In March, when both Pakistan and Bangladesh were in turmoil, the West Pakistani leaders reached out to their ally, the United States. Foreign Minister Kissinger, who had a close relationship with the Pakistani military ruler Yahya, assured him that the followers of the Indian agent Sheikh Mujib would never be allowed to form Bangladesh.
Yahya visited Bangladesh in mid-March and gave the green signal for Operation Search Light, which was carried out just before his departure on March 25th. The genocide commenced, and Bangabandhu Sheikh Mujib was arrested.

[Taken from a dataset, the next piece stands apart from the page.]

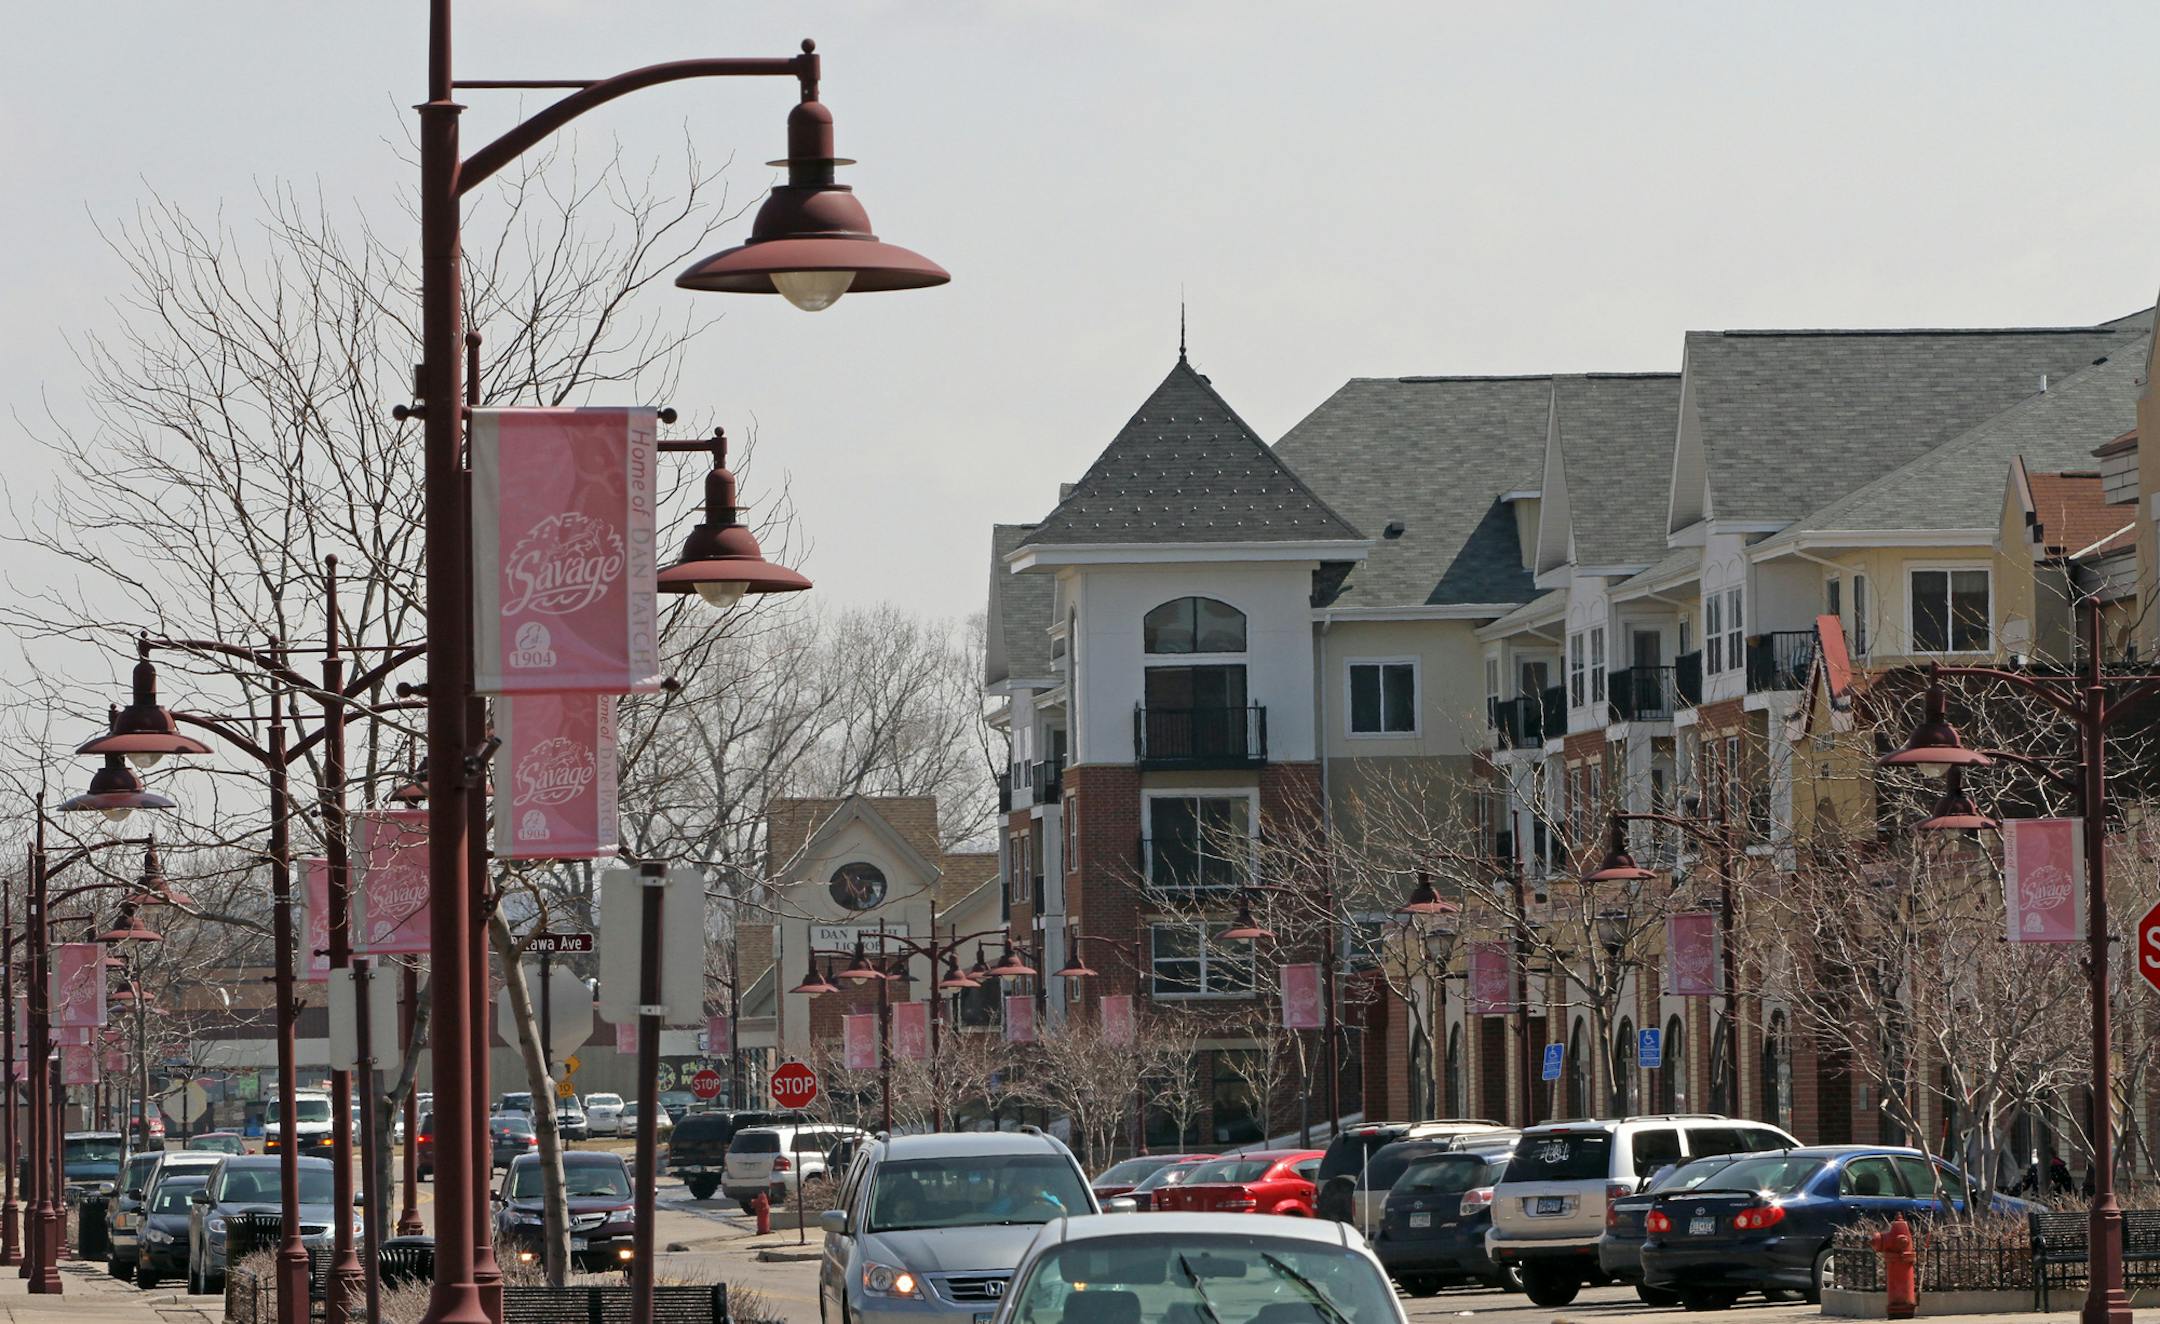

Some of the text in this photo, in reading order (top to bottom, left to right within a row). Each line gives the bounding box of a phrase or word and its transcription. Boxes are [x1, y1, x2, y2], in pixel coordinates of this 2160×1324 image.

The subsequent history is well known: in December, as the Pakistanis were being defeated everywhere in the battlegrounds, President Nixon ordered the US Seventh Fleet to the Bay of Bengal on the advice of Kissinger.

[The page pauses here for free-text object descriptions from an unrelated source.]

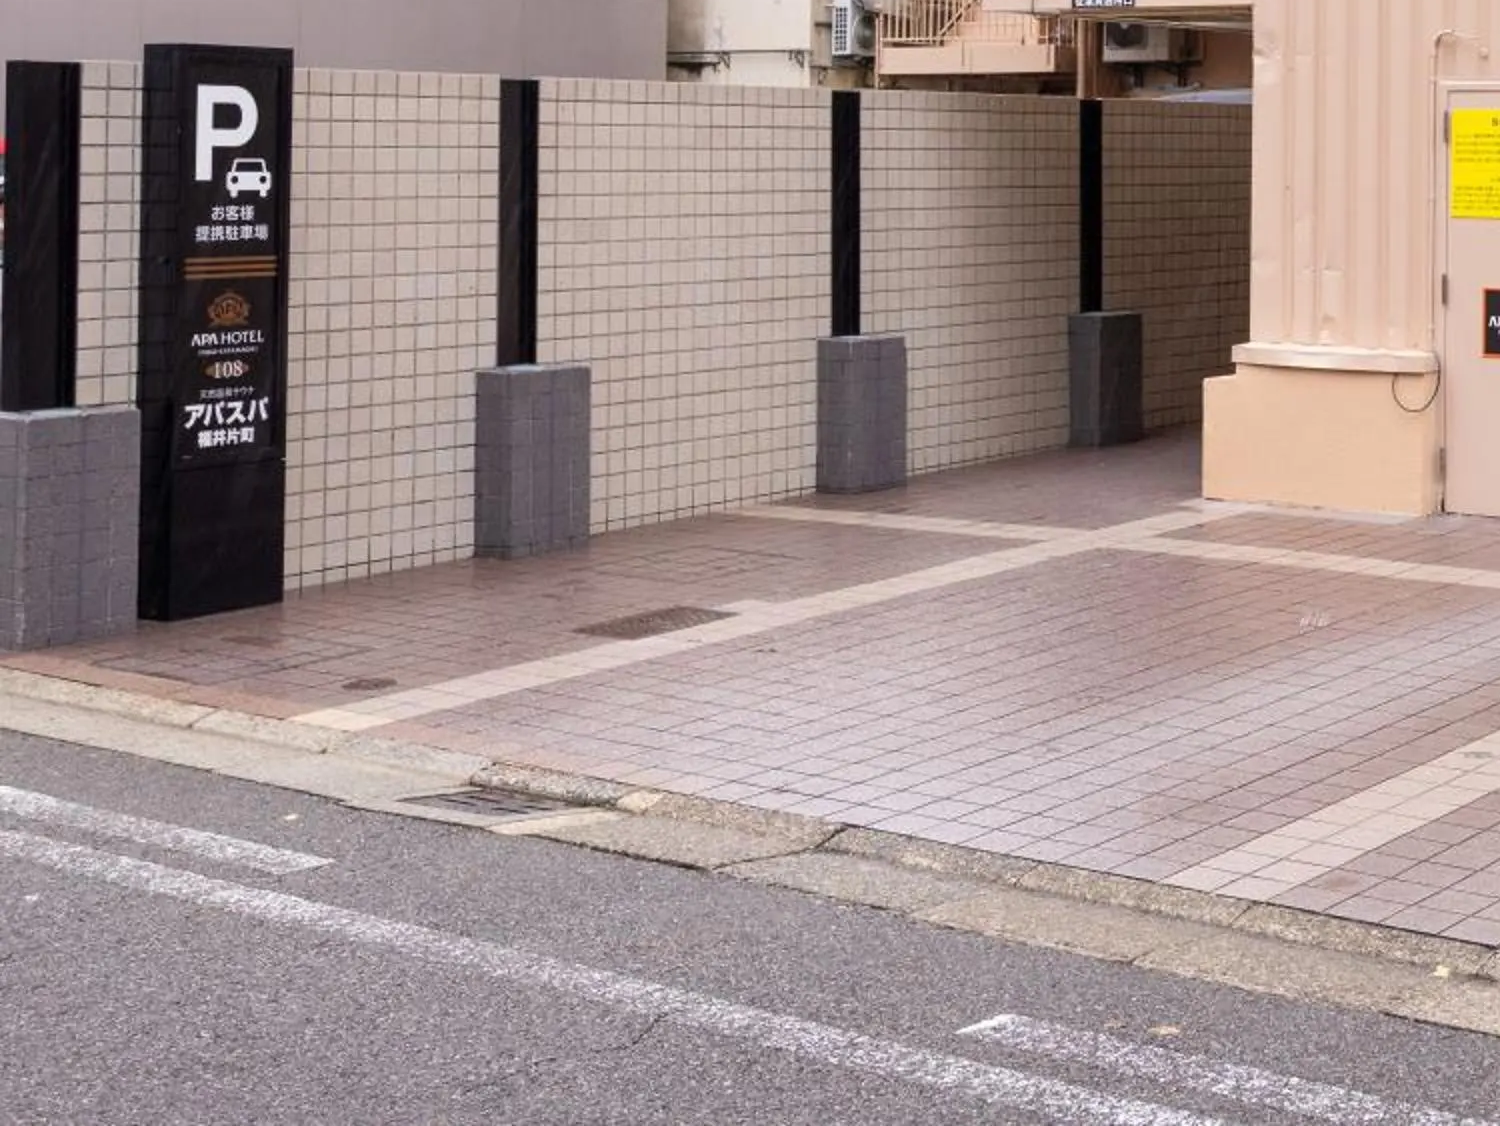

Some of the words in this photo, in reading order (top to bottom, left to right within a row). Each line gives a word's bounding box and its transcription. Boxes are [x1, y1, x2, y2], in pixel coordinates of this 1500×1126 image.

[195, 84, 259, 181] P
[211, 205, 255, 222] お客様
[191, 333, 219, 347] APA
[221, 330, 265, 345] HOTEL
[198, 427, 255, 449] 福井片町

The Pakistanis got the audacity to carry out genocide in Bangladesh only with Kissinger’s support. American intelligence’s recommendation was to garner support from the civilian population, leading to the formation of Razakar Bahini, with Jamaat-e-Islam supplying Razakars and Al-Badars.
Today, the US human rights report on Jamaat-e-Islam echoes their role in the 1971 war. The relationship between Pakistan, America, and Jamaat-e-Islam is reminiscent of a century-old bond.